LittleMyLikesSnuffkin · 01/11/2017 20:33

"I didn't make a (horrible and graphic) fake attempt on my life to to emotionally blackmail littlemy into doing what I wanted. I did it because she kept on answering back and needed to shut up" was a personal favourite. he really couldn't understand why everyone thought he was unstable Confused

"I've never touched illegal drugs. I'd never do that" Hmm "oh ok there are a few convictions for possession of class As. And ok yeah I do them sometimes. Actually I take whatever I can get my hands on...."

You know I really can not think why the fuck I put up with his shit for as long as I did.

Junna · 02/11/2017 10:13

Apparently I don't understand STBXH because I don't ride a motorbike.

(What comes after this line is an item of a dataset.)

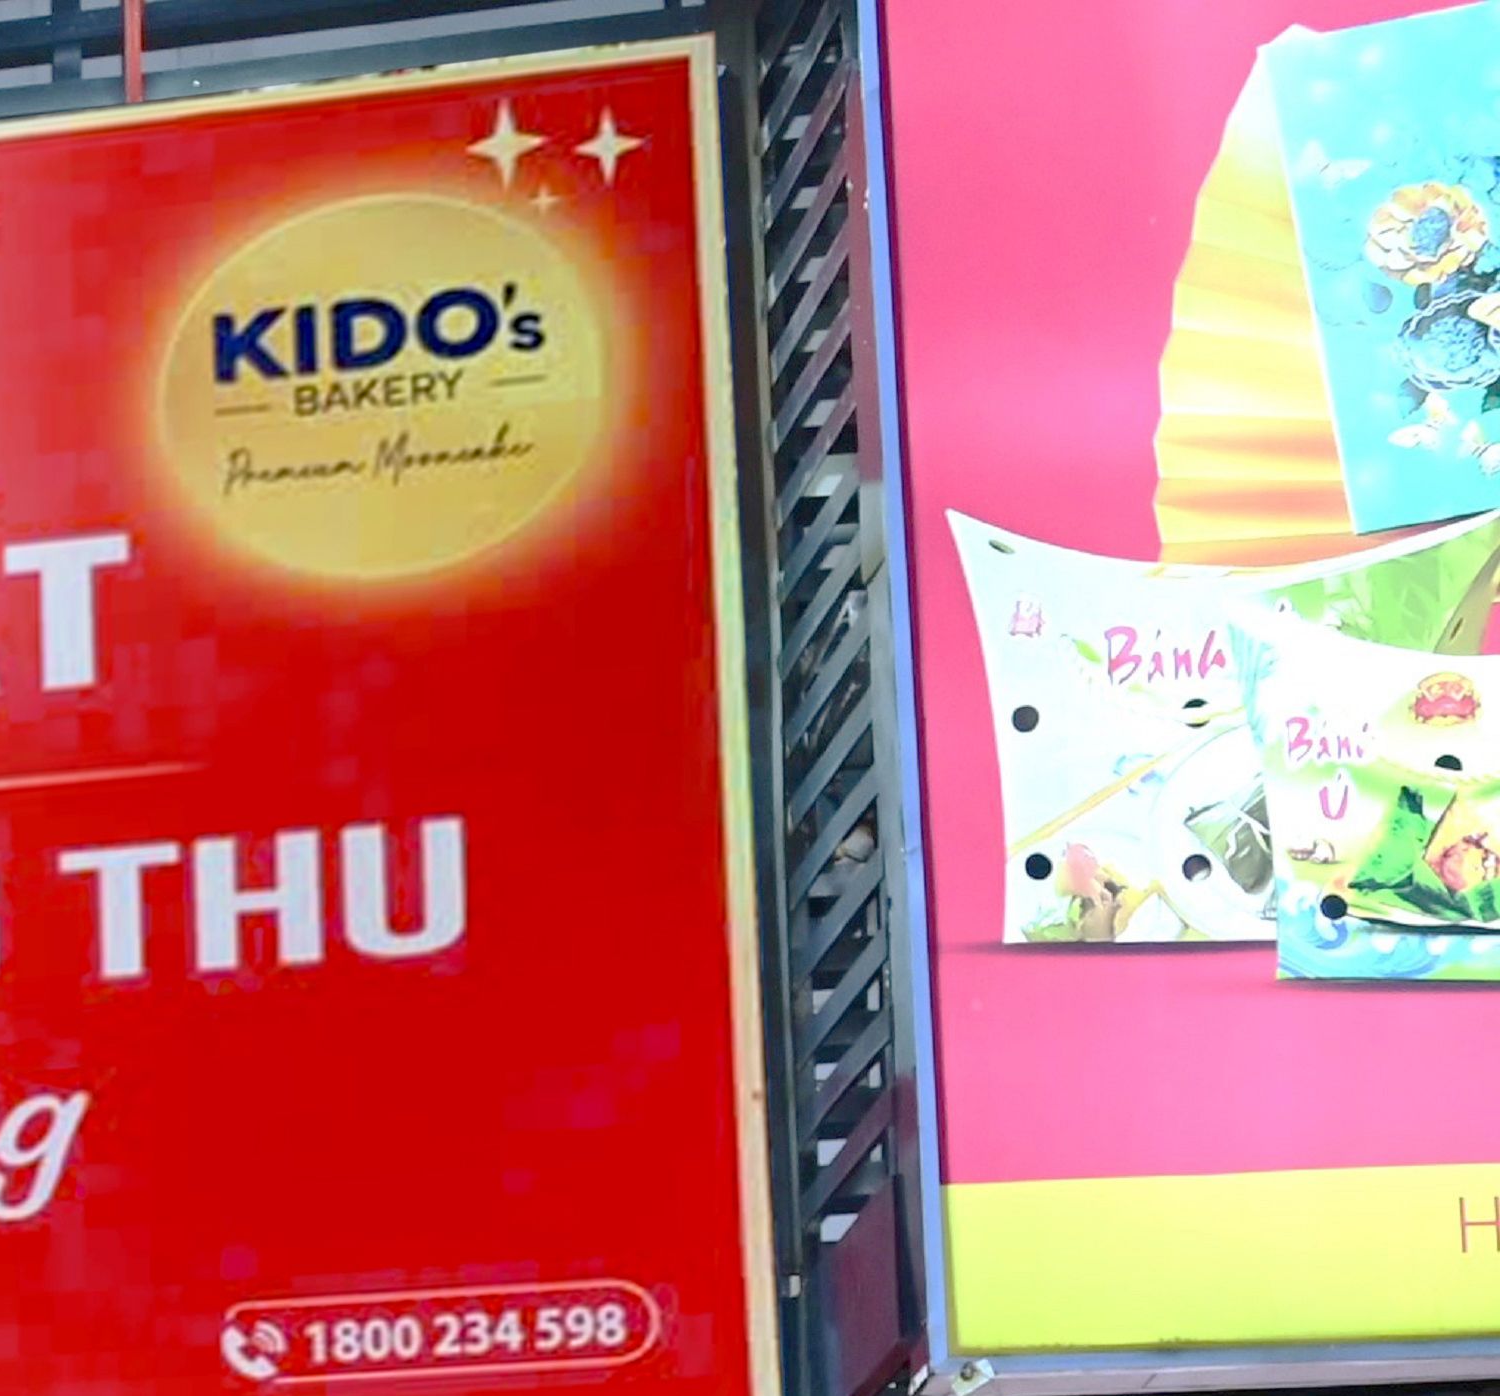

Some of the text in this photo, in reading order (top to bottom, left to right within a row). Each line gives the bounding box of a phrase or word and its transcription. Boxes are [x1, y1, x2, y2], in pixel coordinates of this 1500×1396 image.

[211, 282, 546, 385] KIDO's
[293, 370, 465, 417] BAKERY
[61, 813, 471, 982] THU
[303, 1301, 627, 1364] 1800 234 598

He left me out of the blue for OW who he is still trying to pretend he's not shagging. Says I've made him homeless because I won't give him money for a deposit on a flat and he's forced to sleep on a friend's sofa.

Whatever.

Gilead · 02/11/2017 12:58

Mine recently told (adult) dc that I lured him in and forced him to marry me. I won't go into detail about how I apparently lured him but it would have involved my being psychic and predicting the future. As for marriage, we married after ten years and three children together. Hmm

ravenmum · 02/11/2017 13:33

There is a definite theme developing here. Poor, poor men being forced into having children with us.

JacquelineChan · 02/11/2017 13:38

I'm going through a separation at the moment and this thread is keeping me sane. It has inspired me to text my friend when he says something ridiculous , i tell her sorry I am boring you but i'm just venting !

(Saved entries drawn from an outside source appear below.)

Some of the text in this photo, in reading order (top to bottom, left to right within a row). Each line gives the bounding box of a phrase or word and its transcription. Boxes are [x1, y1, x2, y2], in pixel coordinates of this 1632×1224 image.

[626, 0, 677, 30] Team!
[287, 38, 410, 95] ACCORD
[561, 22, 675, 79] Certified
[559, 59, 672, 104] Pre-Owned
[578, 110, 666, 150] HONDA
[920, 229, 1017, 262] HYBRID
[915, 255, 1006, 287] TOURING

this morning (him to me ) : ''just look at yourself ( I was eating porridge ) - I'm going to put cameras up all round this place to record you ''-
not sure why and who wants to watch me ? Judge Rinder ? Big Brother ?
I made sure I did my hair nice just in case lol

flyingpigsinclover · 02/11/2017 13:43

Mine objected to not being allowed to see my DDs (not his children), he threatened social services if I refused contact. I refused, he went to social services and was laughed out of the building - they sent me a letter to say that he had contacted them, they had spoken to her school and had no concerns. The school knew that he was planning to go to them as I'd already discussed it with him.

At the time I was employed by the very same social services department that he went to see!

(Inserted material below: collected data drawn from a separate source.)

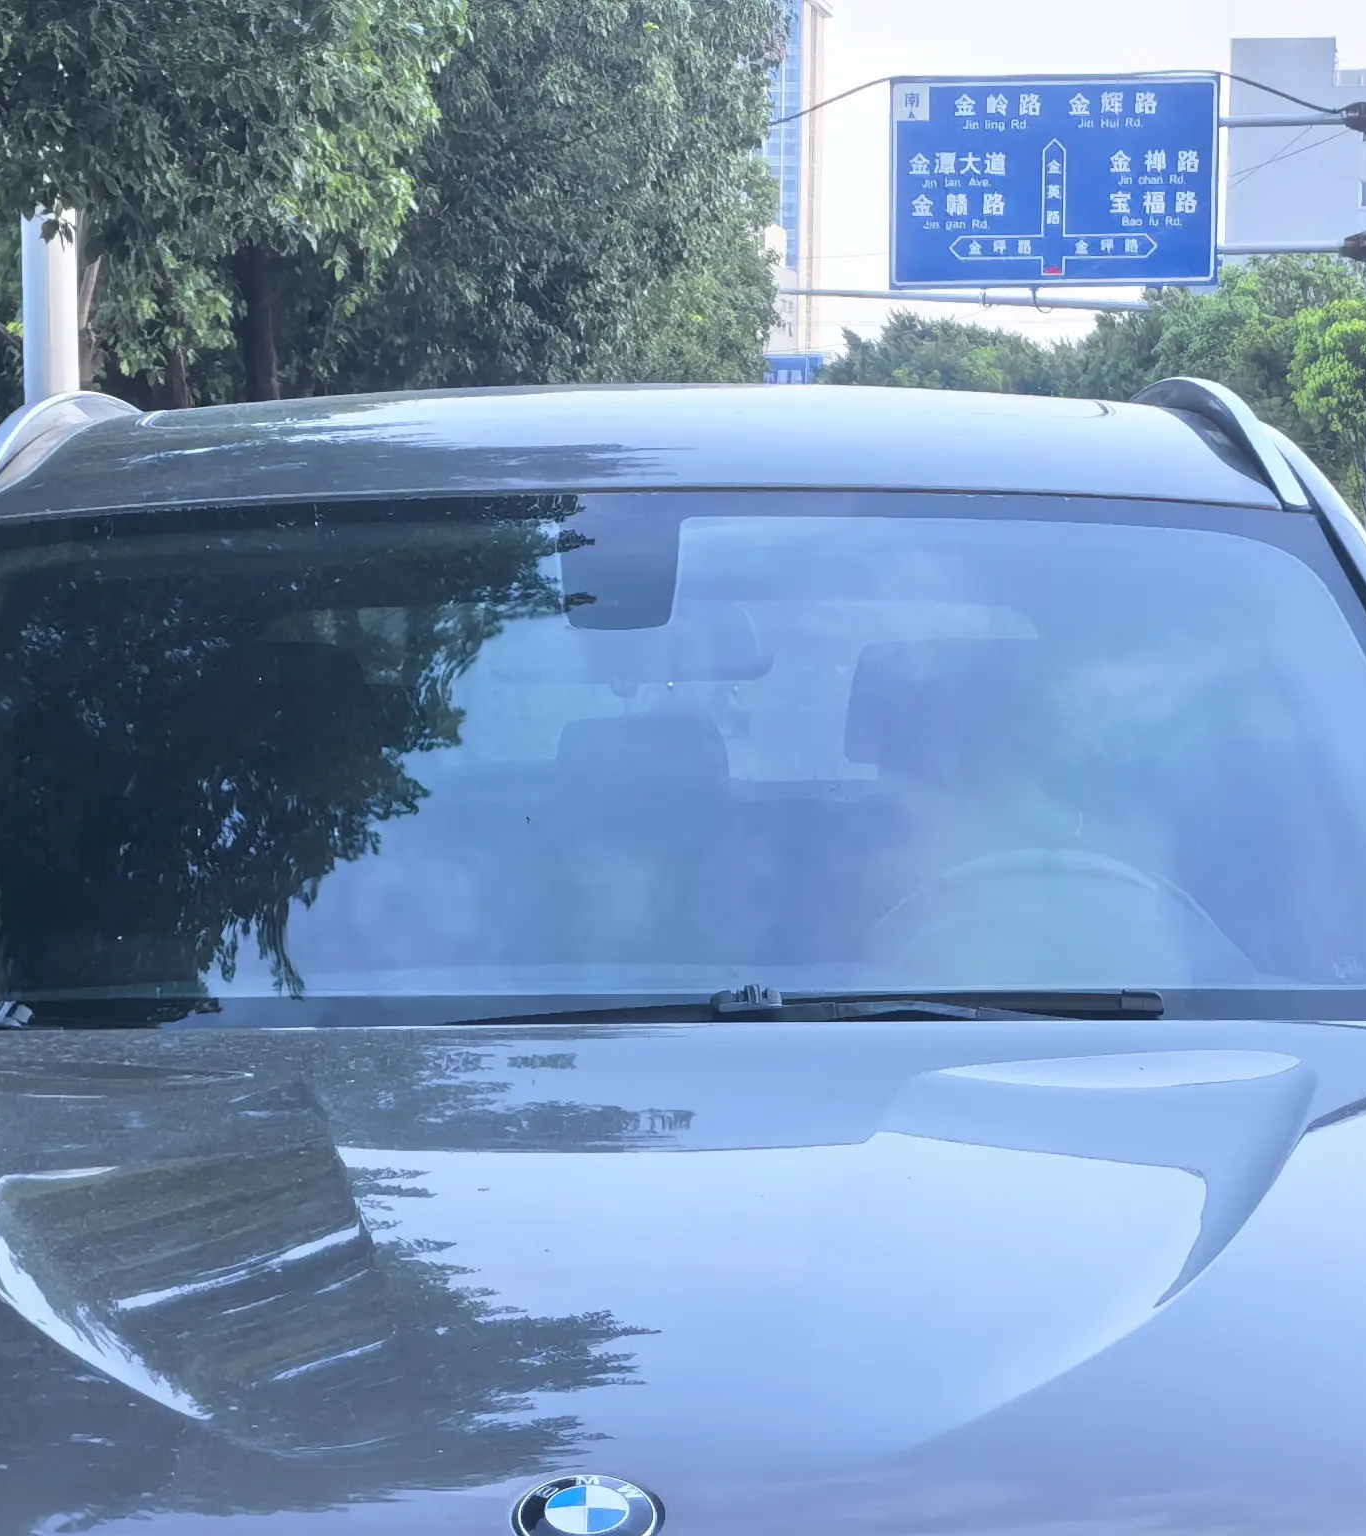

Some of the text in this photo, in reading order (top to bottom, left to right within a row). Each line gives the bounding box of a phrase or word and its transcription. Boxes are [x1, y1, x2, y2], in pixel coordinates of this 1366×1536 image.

[904, 92, 920, 108] 南
[954, 93, 1041, 116] 金岭路
[1068, 91, 1157, 116] 金辉路
[962, 119, 979, 130] Jin
[535, 1475, 644, 1499] BMW

RedTitsMcGinty · 02/11/2017 20:43

Oh so many.

Told me he didn't want to be a parent, that I'd ruined his life, that I'd forced him into impregnating me because I sexually assaulted him, and how much money would he have to pay to never see our DD again?

That I destroyed his mental health. (He has, and always did have, BPD. I'm the one who cared for him for years and I was the one phoning the crisis team and taking him to the A&E duty psychiatrist.)

That I was a jealous bitch who didn't get that men and women could just be friends. Of course, six months on I discovered that my intuition was entirely correct and he'd being having unprotected anal sex with someone else while still sleeping with me.

That he was going to overdose, kill his parents and kill the OW. Ten minutes later he said that he wouldn't do this, he just needed my attention. I had 137 text messages within 2hrs that day.

The divorce came through a year ago. He's moved 150 miles away to live with the OW and today I got an email from him telling me he's "not actually obligated" to pay maintenance because he's on benefits.

RedTitsMcGinty · 02/11/2017 20:49

Oh! He also told me I was doing feminism wrong. I wondered how he'd got so woke. He was fucking a 21yo student from his mental health support group, that's how.